Marcellus Lovejoy Stearns (April 29, 1839 – December 8, 1891) was an American politician who served as the 11th Governor of Florida from 1874 to 1877 during the Reconstruction Era. Originally from Maine, he also served in the Union Army during the American Civil War, losing an arm, and served in Florida's 1868 constitutional convention and in the Florida House of Representatives, including time as speaker.

Born in Lovell in Oxford County in southwestern Maine, he attended Waterville College in Waterville, Maine (which later became Colby College). In 1861, he joined the Union Army and lost an arm during the Battle of Opequon in Winchester, Virginia, after which the Army sent him to study law. He was assigned to Quincy in Gadsden County in the Florida Panhandle, where he remained after his discharge from the military.

Stearns was a member of the Florida Constitutional Convention of 1868 and the Florida House of Representatives from 1868 through 1872, of which he was the Speaker in 1869.  He was elected the fifth Lieutenant Governor of Florida in 1872.

He succeeded to the governorship on March 18, 1874 at age 34 when Governor Ossian B. Hart died of pneumonia.
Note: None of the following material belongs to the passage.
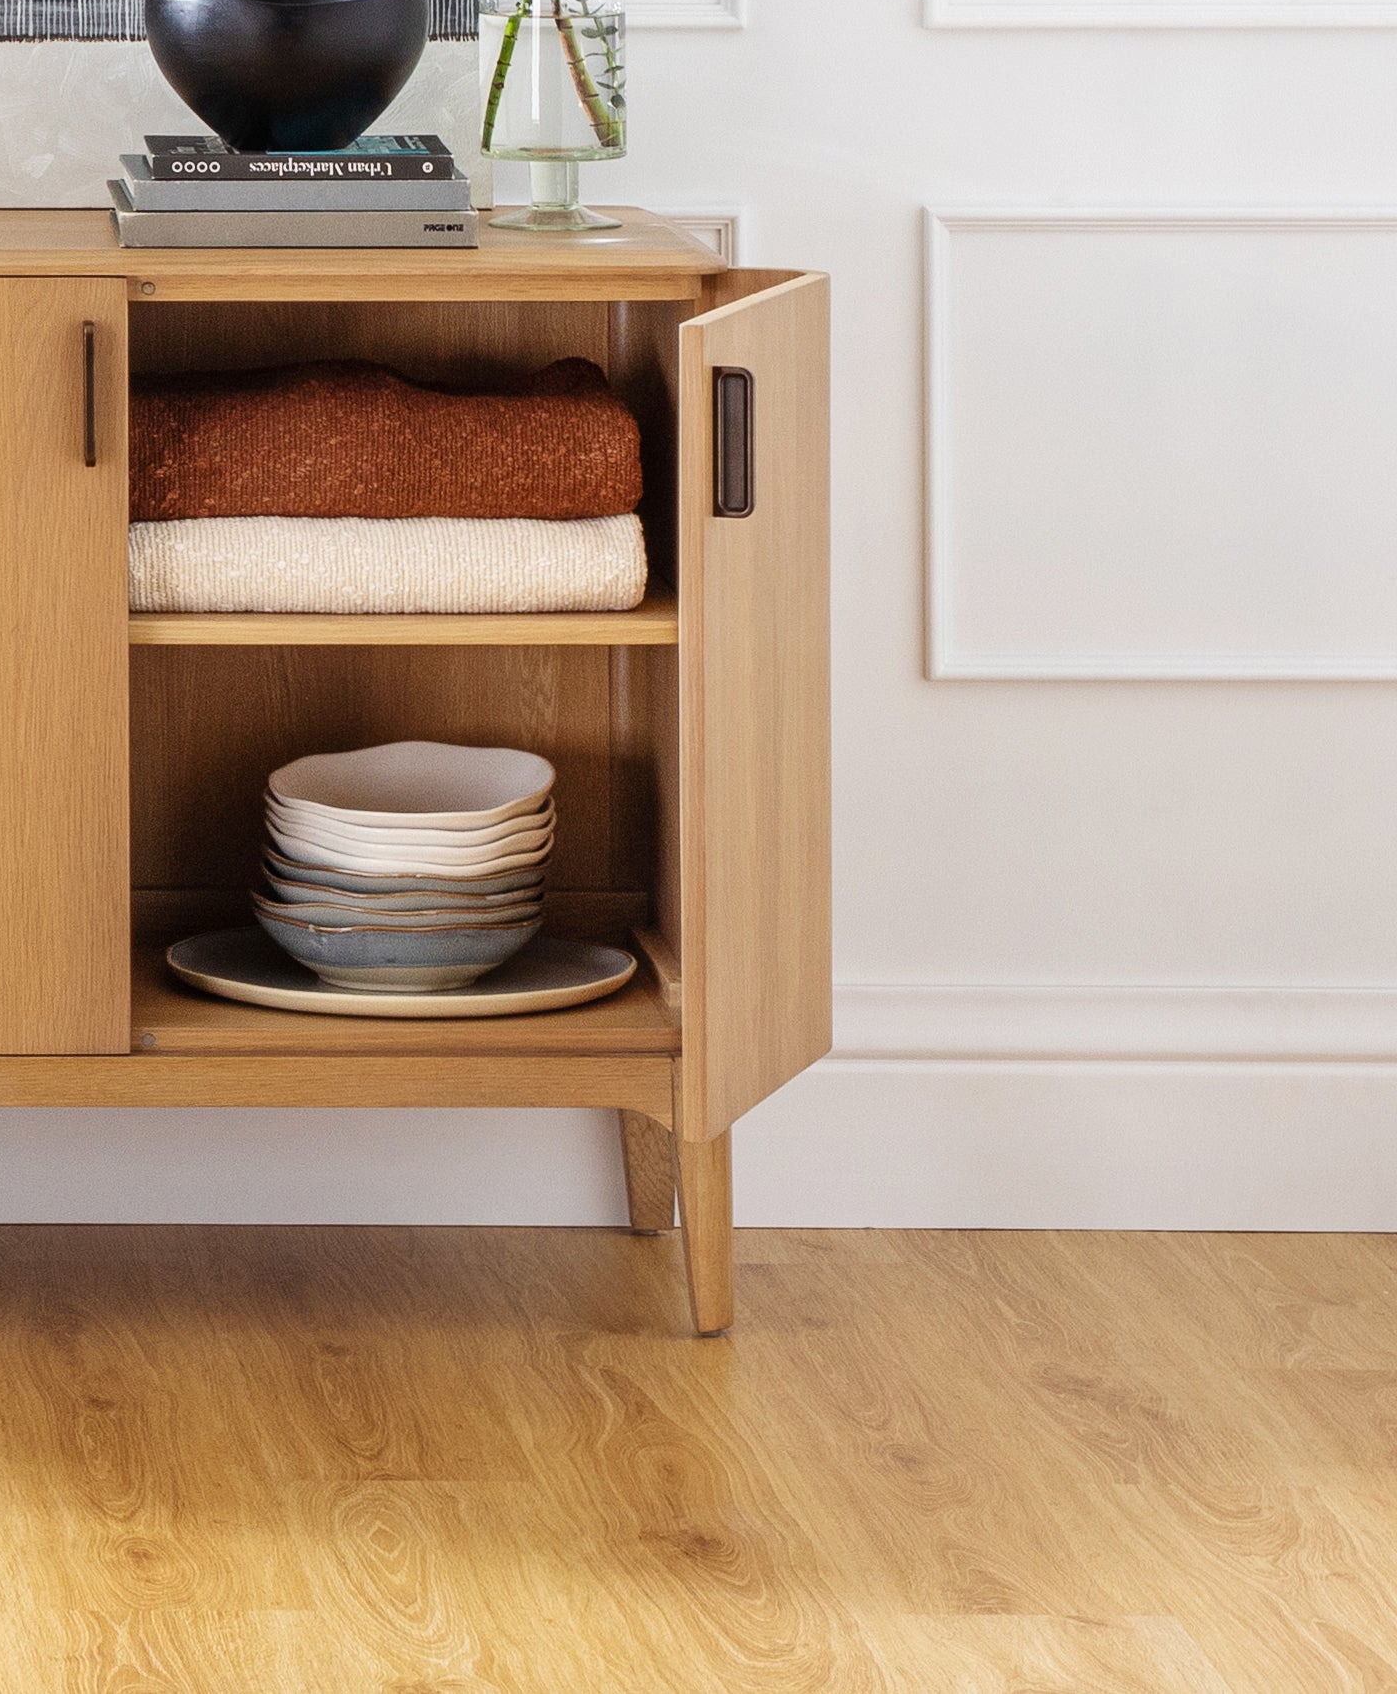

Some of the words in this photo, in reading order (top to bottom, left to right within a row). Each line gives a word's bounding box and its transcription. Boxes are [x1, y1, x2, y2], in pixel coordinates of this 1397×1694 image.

He remains the state's youngest-serving governor. Stearns attempted to force Jonathan Clarkson Gibbs to resign his post as Superintendent of Public Instruction, but was unsuccessful due to Gibbs' immense popularity. After leaving office on January 2, 1877, he was appointed U. S. Commissioner in Hot Springs, Arkansas, a post that he held until 1880. He died in Palatine Bridge, New York, fifty miles from the capital city of Albany. He is interred in the village of Center Lovell, Maine.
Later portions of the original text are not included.